Não foi Deus o culpado

Noite sangrenta em Paris. Terroristas transformaram a cidade-luz em um território negro e sombrio. Corpos inocentes tombavam na noite parisiense para saciar a sede de ódio, travestida de vingança e desagravo a uma religião. Mentira! Não é a religião a culpada, é a estupidez.

Noites turbulentas no Brasil. Pseudo-líderes religiosos demonizam pessoas. Seus ‘crimes’? Aceitarem-se como tais, viverem sua diversidade sexual, e assumir sua identidade de gênero, pedindo ao estado “apenas” o que é de direito: dignidade. E motivados por essa demonização, pessoas que seguem esses “líderes” matam, estupram, desrespeitam, agridem e lutam para que os LGBT’s não tenham direito a nada.

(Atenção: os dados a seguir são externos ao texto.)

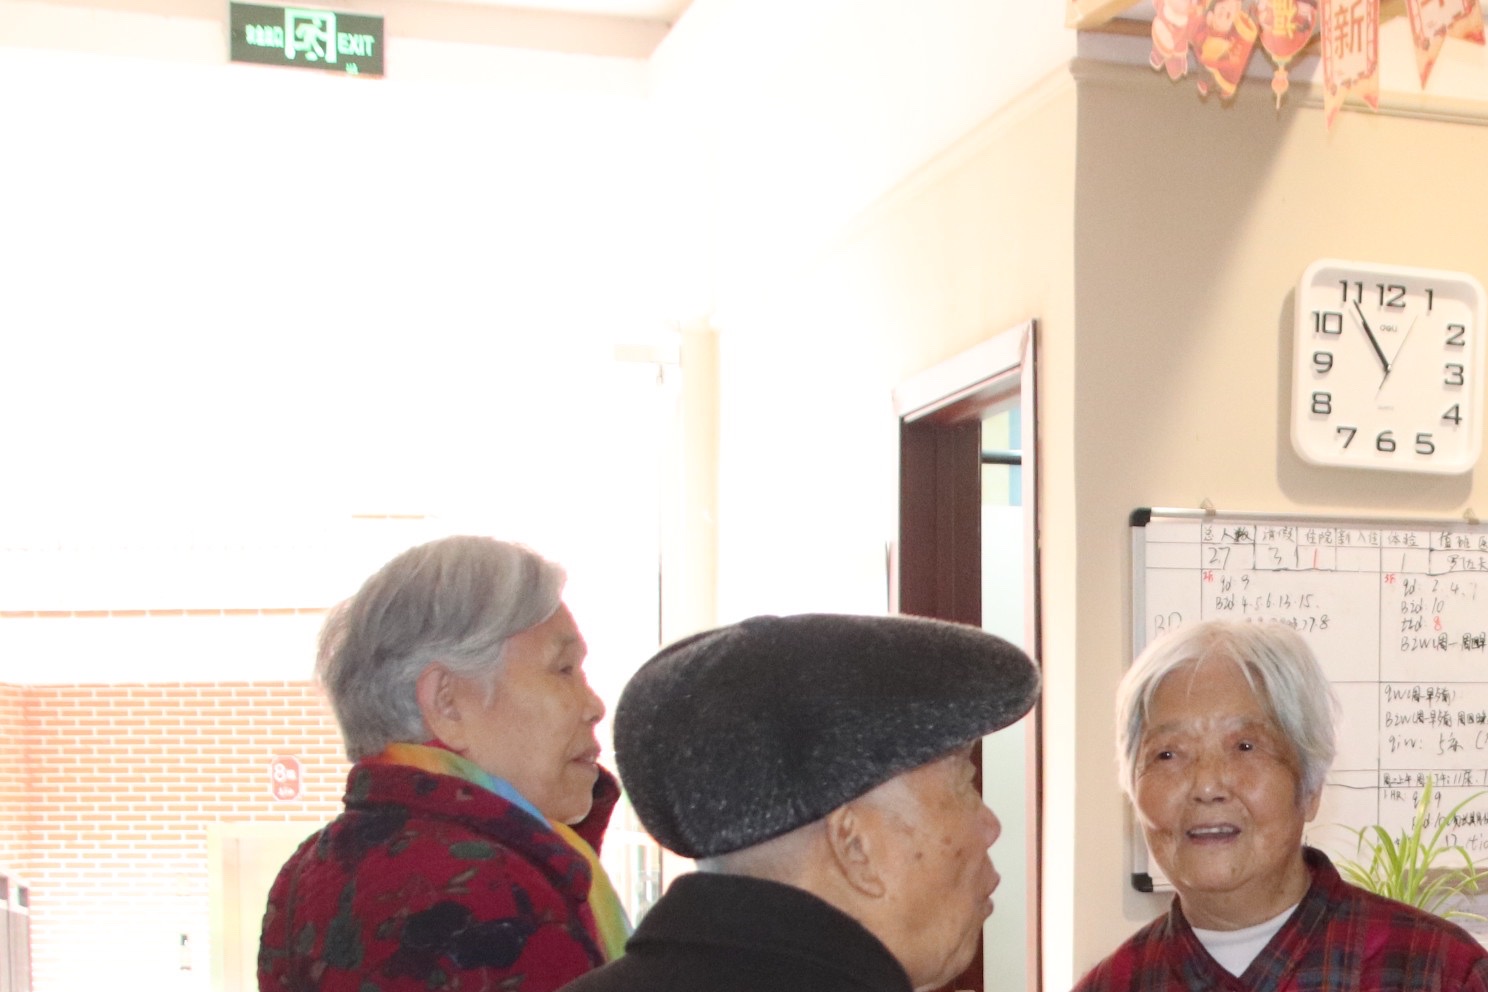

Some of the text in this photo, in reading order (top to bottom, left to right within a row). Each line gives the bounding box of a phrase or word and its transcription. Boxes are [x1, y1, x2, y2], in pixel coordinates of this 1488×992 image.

[1335, 2, 1363, 58] 新
[337, 32, 375, 57] EXIT
[1339, 280, 1363, 304] 11
[1376, 284, 1406, 308] 12
[1425, 289, 1434, 311] 1
[1312, 310, 1343, 335] 10
[1445, 323, 1466, 347] 2
[1313, 351, 1333, 374] 9
[1444, 363, 1464, 386] 3
[1311, 391, 1332, 415] 8
[1441, 403, 1463, 425] 4
[1336, 426, 1358, 449] 7
[1376, 430, 1396, 453] 6
[1415, 432, 1435, 455] 5

Separemos o joio do trigo. As divindades foram concebidas como norte espiritual, como meio de as pessoas buscarem plenitude de vida. O que vemos quando um homem pratica o mal contra seu semelhante motivado pela crença doentia por uma divindade, é buscar na fé um álibi para sua perversidade.

Pois o mal advém de quem o atua, e retrata claramente como sua crença se distorceu e se desvirtuou da convivência pacífica e harmoniosa com seus pares.
Pois o que todas as crenças tem em comum são valores, e muitos desses valores podem ser cultivados até mesmo sem a crença.

Mas a fé busca trazer a nós uma motivação que nos põe além de nossos limites auto-conhecidos. E ao usarmos esta motivação como razão de dolo a outrem, simplesmente contradizemos a estes valores.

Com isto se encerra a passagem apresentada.